Most neutron stars? I would think not. The cooling time for a neutron star is initially seconds due to neutrino emission and thermal conduction is very effective, so the bulk of the neutron star will be isothermal. There will be a thin non-degenerate layer on top of the crust with a big temperature drop to the "photosphere". By the time a neutron star is a few years old, its surface will be $<10^7$ K and maybe $10^6$ K after 1000 years. These temperatures are far too low to produce significant thermal radiation above 10 keV. Of course, the interior could be a factor of $\sim 100$ hotter and will produce hard X-rays, but these will not escape because the layers above will be thick to Compton scattering and inverse bremsstrahlung, which involve both nuclei and electrons.

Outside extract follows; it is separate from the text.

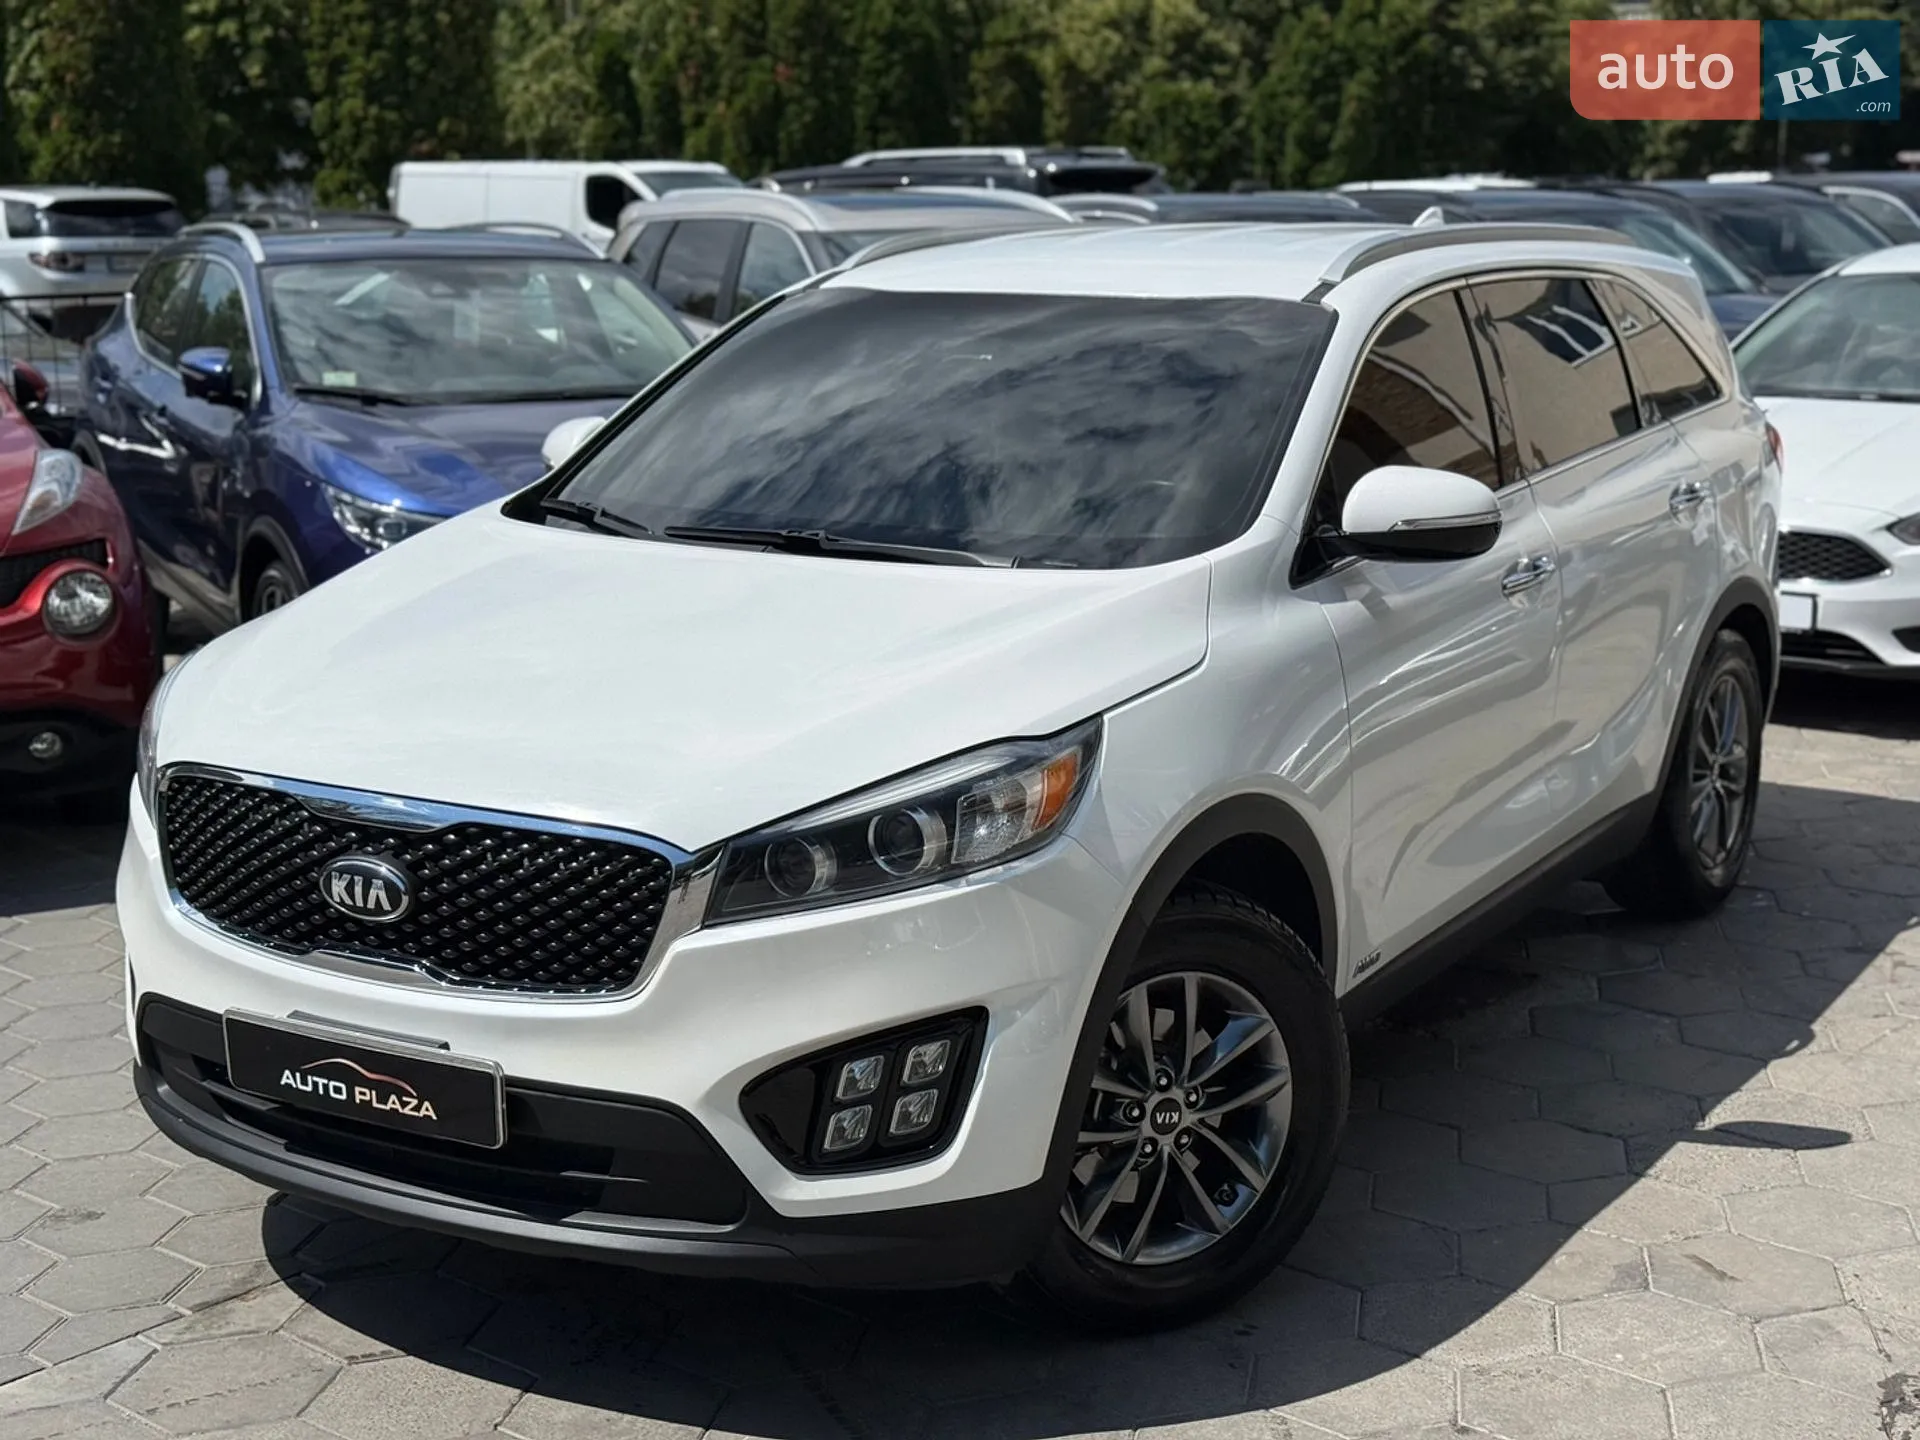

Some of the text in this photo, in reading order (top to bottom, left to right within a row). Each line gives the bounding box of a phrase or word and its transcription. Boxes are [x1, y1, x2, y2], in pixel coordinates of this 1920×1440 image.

[330, 871, 392, 911] KIA
[280, 1069, 437, 1120] AUTO PLAZA
[1155, 1111, 1179, 1124] KIA

There will however be a soft X-ray photosphere in young neutron stars. Opacity will be provided by the photoelectric effect, Compton/Thomson scattering and inverse bremsstrahlung.
The "photosphere" becomes just about detectable at (soft) X-ray energies during accretion bursts from companion stars (e.g. Cottam et al. 2008). But even here, the thermal spectrum is only a few keV in temperature. This is still far too cool to produce gamma rays, but there are observations that show (perhaps) absorption features in the soft X-ray spectrum in much the same way as we see Fraunhofer lines in the visible solar photosphere. The burst spectrum is contaminated though by elements in the accreted material.
The X-ray photospheric spectrum during an X-ray burst (from Cottam et al. 2008).
Hard X-rays and gamma rays from neutron stars will not be photospheric, they will arise from non-thermal processes associated with charged particle acceleration in the strong electromagnetic fields that likely thread the surface.